**Task instructions**
Set down all of the data exactly. Pictures stay out of the copy.

Stored data entries:
• • • •
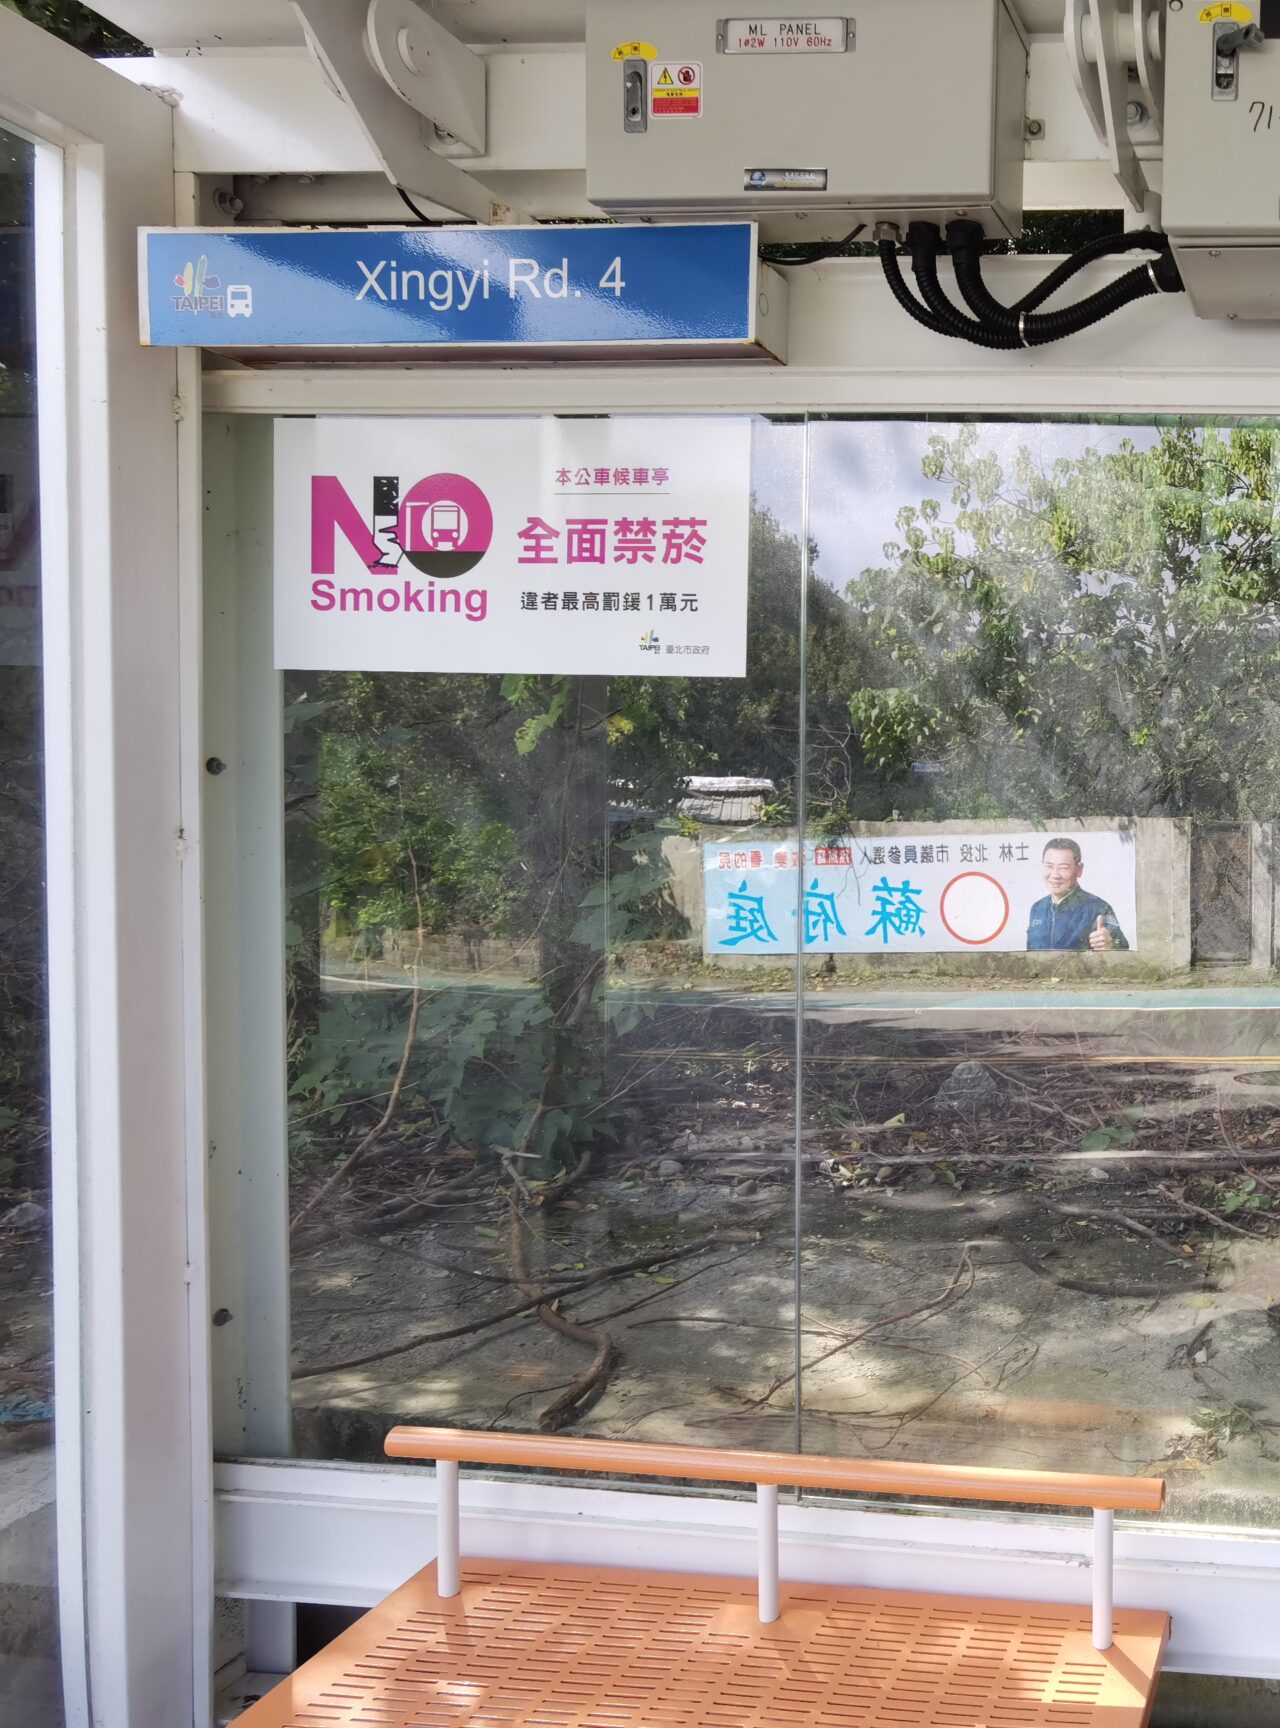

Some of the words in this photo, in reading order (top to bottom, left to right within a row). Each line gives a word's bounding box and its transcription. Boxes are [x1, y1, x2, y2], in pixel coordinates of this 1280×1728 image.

[748, 24, 768, 37] ML
[779, 23, 821, 36] PANEL
[773, 38, 799, 48] 110V
[806, 37, 832, 47] 60Hz
[355, 259, 490, 311] Xingyi
[508, 258, 582, 300] Rd.
[599, 256, 626, 297] 4
[171, 296, 224, 311] TAIPEI
[555, 467, 670, 487] 本公車候車亭
[311, 472, 494, 578] NO
[516, 516, 708, 565] 全面禁菸
[310, 579, 488, 622] Smoking
[665, 644, 710, 655] 臺北市政府
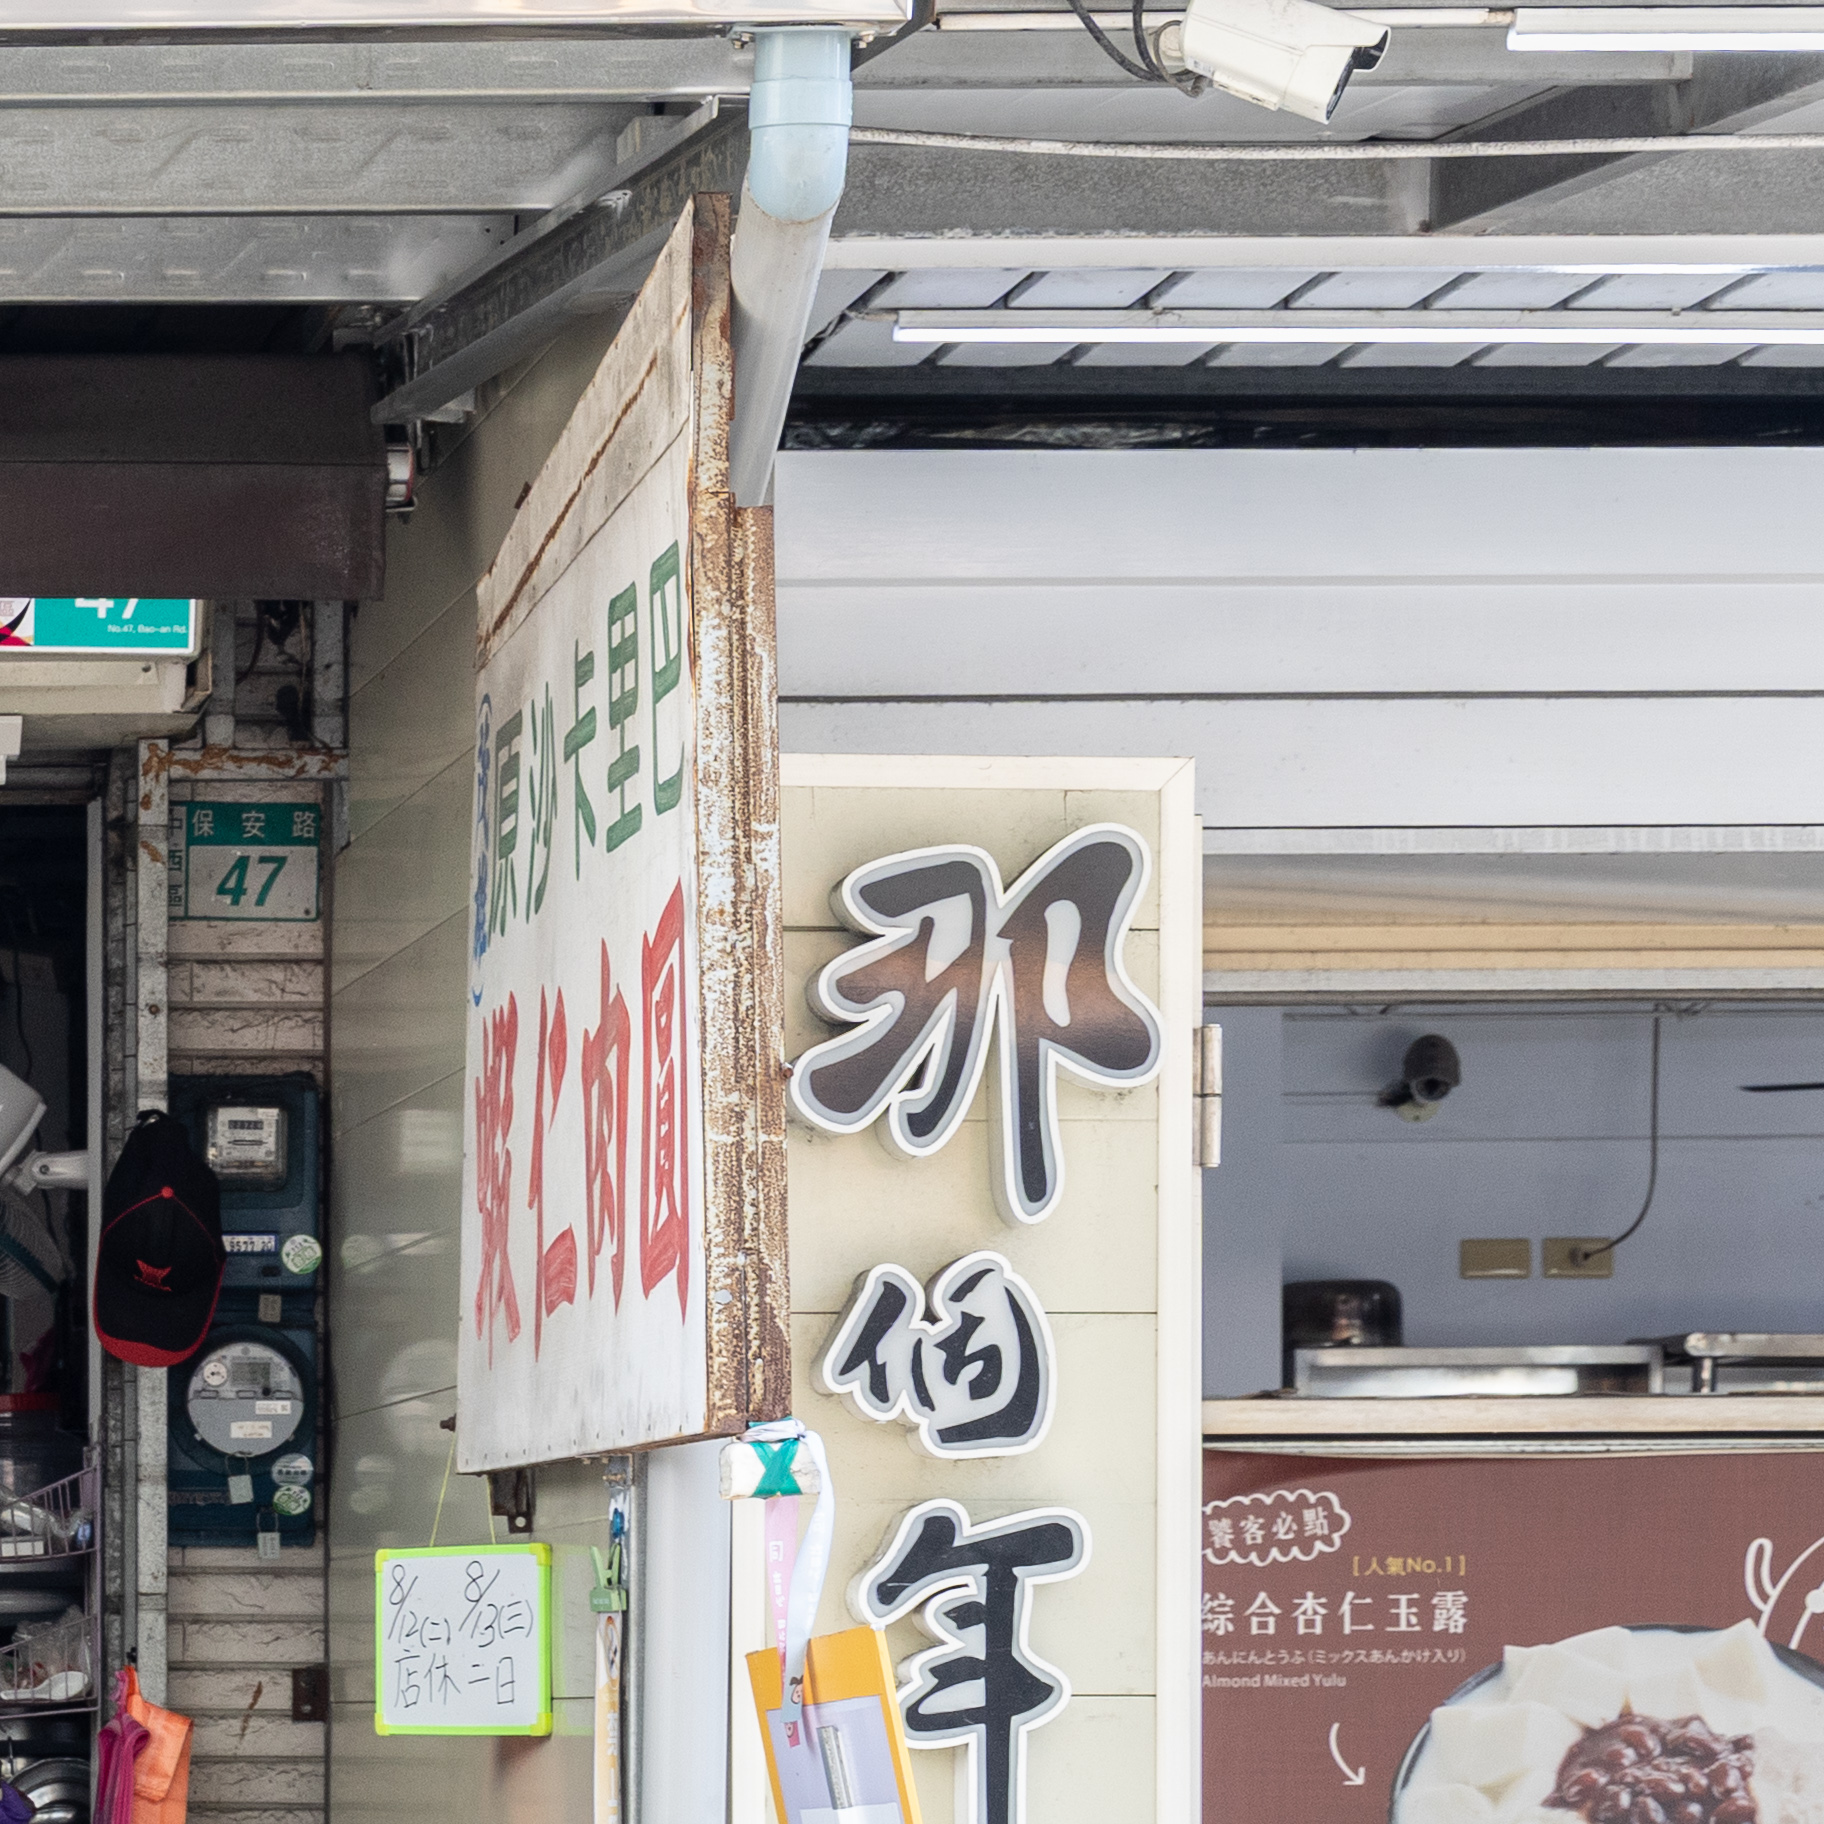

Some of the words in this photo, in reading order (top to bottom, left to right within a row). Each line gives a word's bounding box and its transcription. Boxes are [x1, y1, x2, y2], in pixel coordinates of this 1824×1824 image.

[138, 624, 171, 634] Bao-an
[173, 624, 188, 634] Rd.
[488, 536, 686, 947] 原沙卡里巴
[192, 809, 316, 839] 保安路
[216, 855, 289, 907] 47
[472, 874, 691, 1371] 蝦仁肉圓
[1208, 1506, 1331, 1549] 饕客必點
[393, 1650, 517, 1709] 店休二日
[1202, 1674, 1261, 1688] Almond
[1263, 1674, 1311, 1688] Mixed
[1313, 1674, 1348, 1688] Yulu
• • • •
**Written response**
Some of the words in this photo, in reading order (top to bottom, left to right within a row). Each line gives a word's bounding box and its transcription. Boxes are [x1, y1, x2, y2], in pixel coordinates of this 1280×1728 image.

[748, 24, 768, 37] ML
[779, 23, 821, 36] PANEL
[773, 38, 799, 48] 110V
[806, 37, 832, 47] 60Hz
[355, 259, 490, 311] Xingyi
[508, 258, 582, 300] Rd.
[599, 256, 626, 297] 4
[171, 296, 224, 311] TAIPEI
[555, 467, 670, 487] 本公車候車亭
[311, 472, 494, 578] NO
[516, 516, 708, 565] 全面禁菸
[310, 579, 488, 622] Smoking
[665, 644, 710, 655] 臺北市政府

Some of the words in this photo, in reading order (top to bottom, left to right within a row). Each line gives a word's bounding box and its transcription. Boxes are [x1, y1, x2, y2], in pixel coordinates of this 1824×1824 image.

[138, 624, 171, 634] Bao-an
[173, 624, 188, 634] Rd.
[488, 536, 686, 947] 原沙卡里巴
[192, 809, 316, 839] 保安路
[216, 855, 289, 907] 47
[472, 874, 691, 1371] 蝦仁肉圓
[1208, 1506, 1331, 1549] 饕客必點
[393, 1650, 517, 1709] 店休二日
[1202, 1674, 1261, 1688] Almond
[1263, 1674, 1311, 1688] Mixed
[1313, 1674, 1348, 1688] Yulu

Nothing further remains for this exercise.